# FreeBSD on MacBook



## perpetualcacophany (May 19, 2009)

Hello,

I am thinking about trying out FreeBSD. I am using an early-2008 MacBook (4.1) and have read the wiki concerning installation. My only question is: Is the MacBook's wireless card supported in FreeBSD? It has been a pain in the ass to get working on Gentoo Linux, but do the drivers work on FreeBSD or are there other drivers?

This is the last thing that I wanted to know before deciding whether or not to install.

Thank You


----------



## vivek (May 19, 2009)

My friend has Macbook. However, wireless is configured via  NDIS. See http://www.freebsd.org/doc/en/books/handbook/config-network-setup.html


----------



## dthomas53 (Sep 1, 2009)

Did the OP have any luck with this?

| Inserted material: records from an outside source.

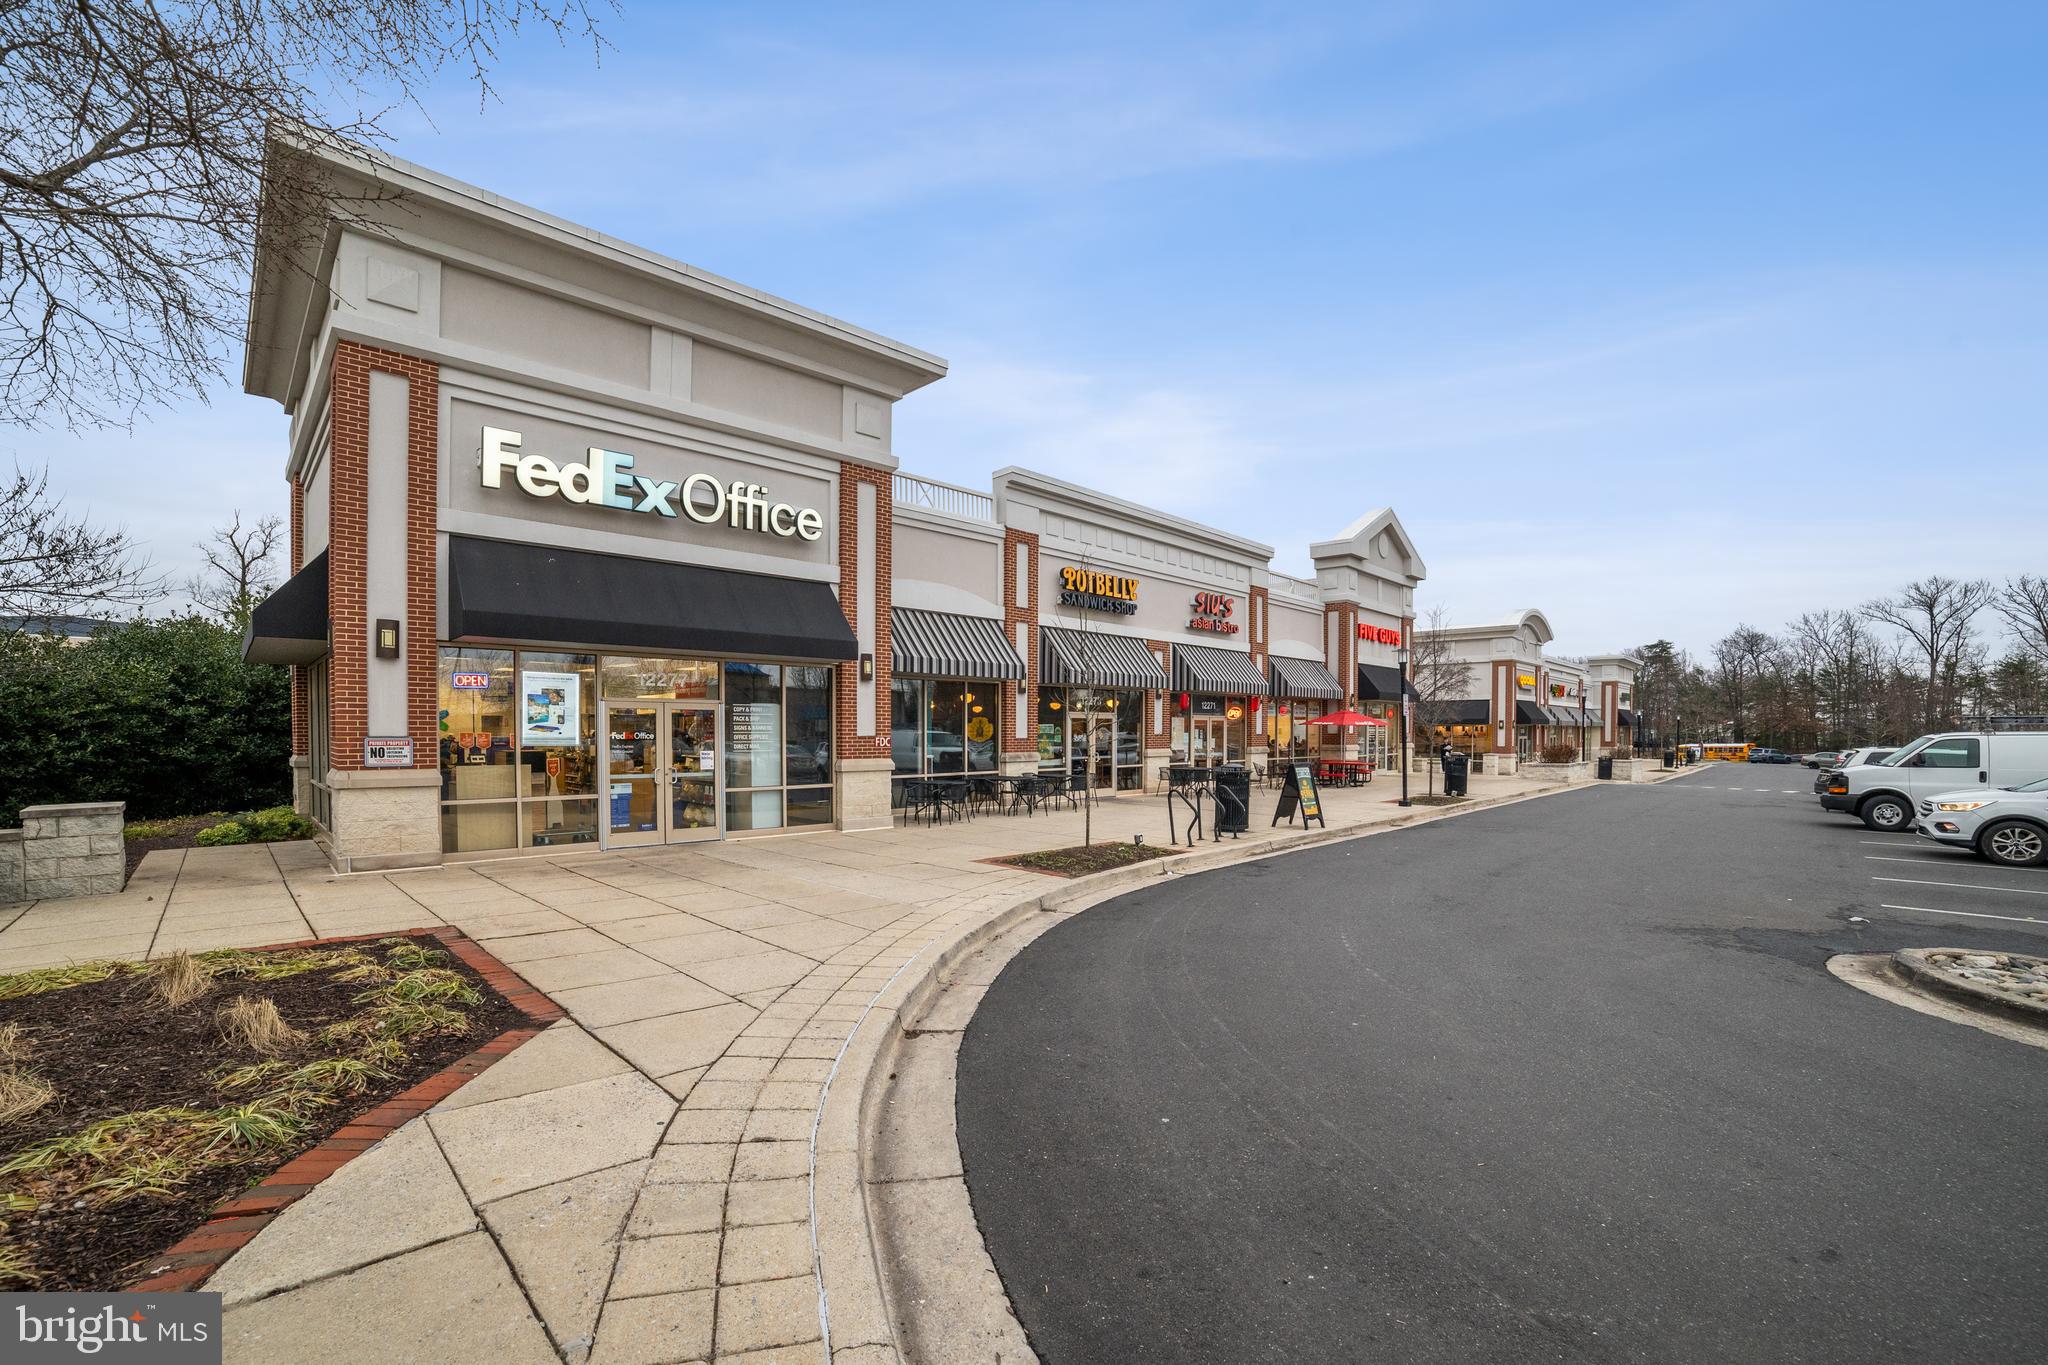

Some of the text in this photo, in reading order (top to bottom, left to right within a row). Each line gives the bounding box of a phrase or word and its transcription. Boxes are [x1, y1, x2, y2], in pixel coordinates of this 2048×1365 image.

[481, 425, 823, 541] FedEx Office
[1062, 566, 1139, 600] POTBELLY
[1063, 592, 1138, 615] SANDWICH SHOP
[1192, 617, 1239, 633] asian bistro
[1359, 623, 1400, 646] FIVE GUYS
[455, 675, 486, 686] OPEN
[640, 672, 688, 688] 12277
[1201, 702, 1216, 710] 12271
[611, 731, 654, 740] FedEx Office
[875, 737, 890, 746] FDC
[370, 747, 385, 758] NO

I have the same laptop and am considering dual-booting.

Thanks!


----------



## plamaiziere (Sep 1, 2009)

perpetualcacophany said:
			
		

> Hello,
> 
> I am thinking about trying out FreeBSD. I am using an early-2008 MacBook (4.1) and have read the wiki concerning installation. My only question is: Is the MacBook's wireless card supported in FreeBSD?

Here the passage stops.